Start of GIVEN DATA

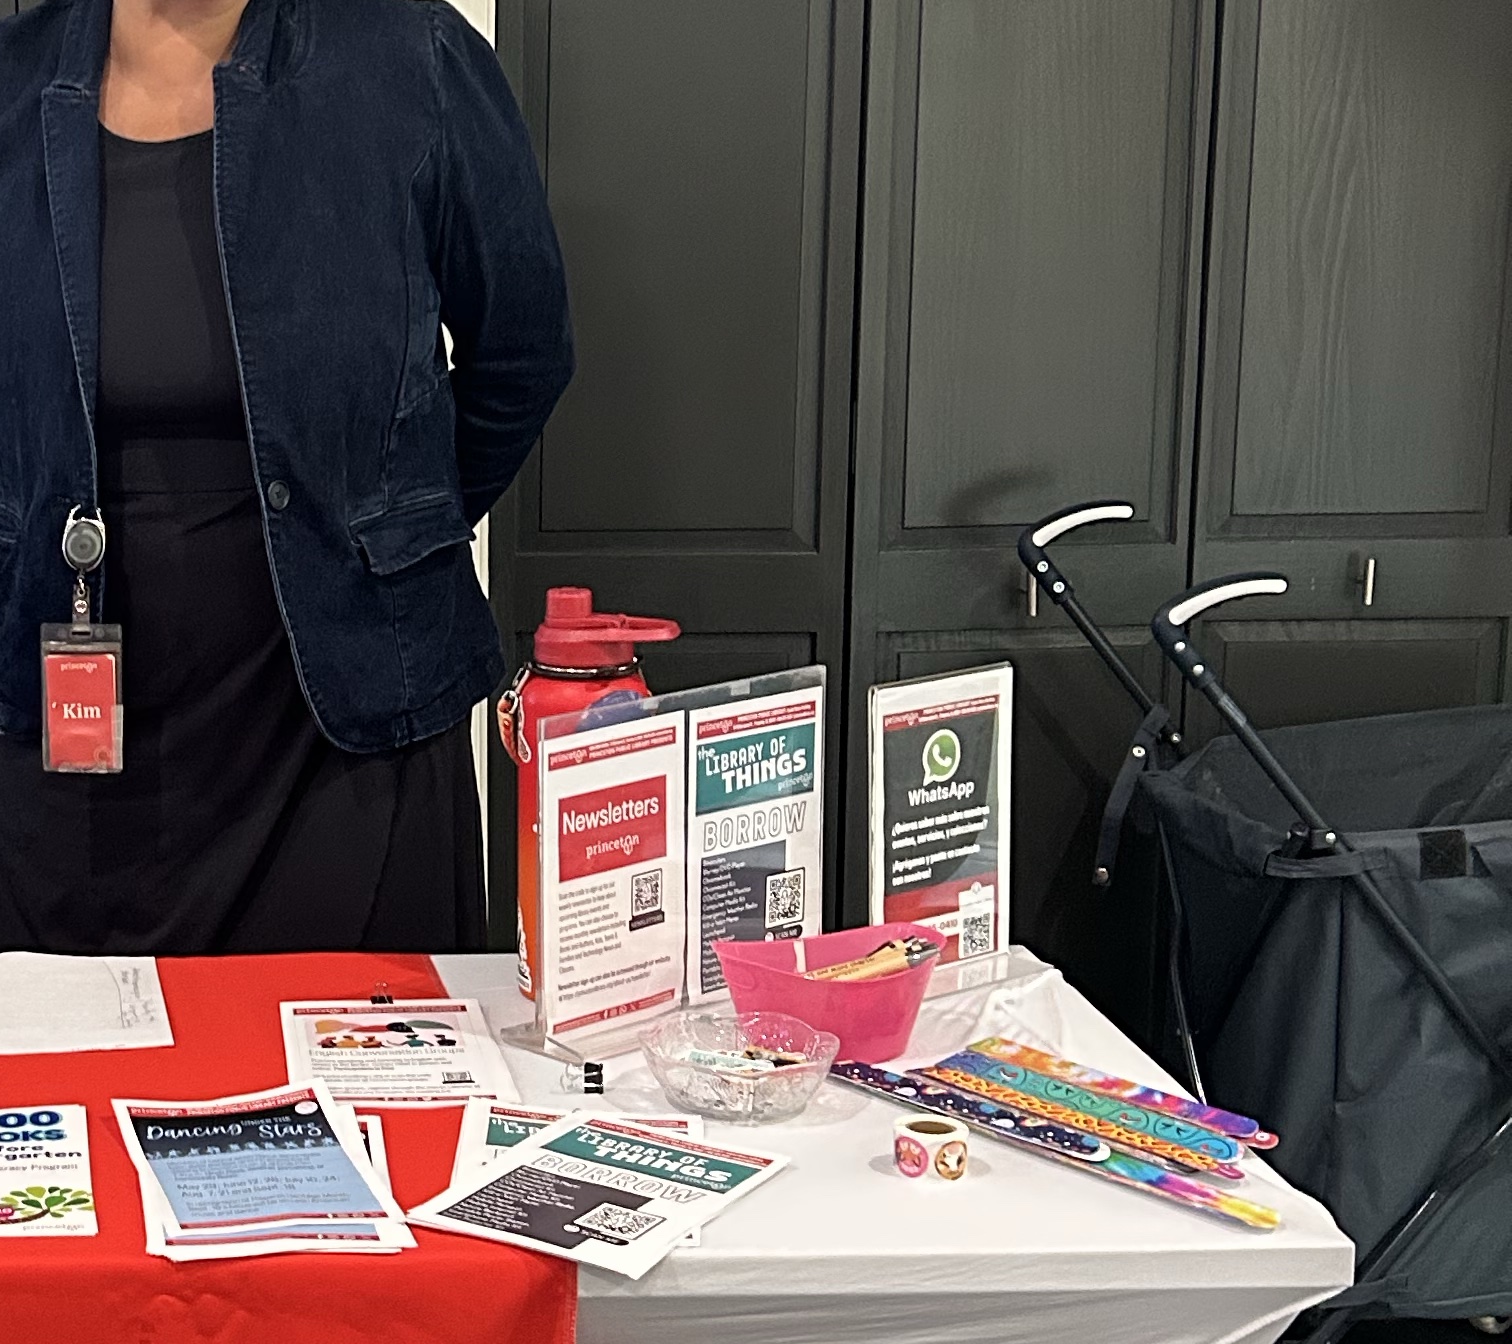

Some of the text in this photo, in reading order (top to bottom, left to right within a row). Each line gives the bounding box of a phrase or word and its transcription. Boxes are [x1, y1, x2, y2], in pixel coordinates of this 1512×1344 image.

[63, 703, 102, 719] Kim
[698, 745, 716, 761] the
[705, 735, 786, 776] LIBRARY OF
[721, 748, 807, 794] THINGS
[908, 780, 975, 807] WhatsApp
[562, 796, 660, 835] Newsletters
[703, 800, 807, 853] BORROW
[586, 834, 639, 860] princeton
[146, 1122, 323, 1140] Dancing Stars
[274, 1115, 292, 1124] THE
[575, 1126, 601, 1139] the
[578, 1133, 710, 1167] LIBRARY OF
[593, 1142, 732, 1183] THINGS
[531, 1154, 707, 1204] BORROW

End of GIVEN DATA

— TASK ITEM —
Set down the records above exactly, leaving out pictures.

— ANSWER BOX —
Some of the text in this photo, in reading order (top to bottom, left to right within a row). Each line gives the bounding box of a phrase or word and its transcription. Boxes are [x1, y1, x2, y2], in pixel coordinates of this 1512×1344 image.

[63, 703, 102, 719] Kim
[698, 745, 716, 761] the
[705, 735, 786, 776] LIBRARY OF
[721, 748, 807, 794] THINGS
[908, 780, 975, 807] WhatsApp
[562, 796, 660, 835] Newsletters
[703, 800, 807, 853] BORROW
[586, 834, 639, 860] princeton
[146, 1122, 323, 1140] Dancing Stars
[274, 1115, 292, 1124] THE
[575, 1126, 601, 1139] the
[578, 1133, 710, 1167] LIBRARY OF
[593, 1142, 732, 1183] THINGS
[531, 1154, 707, 1204] BORROW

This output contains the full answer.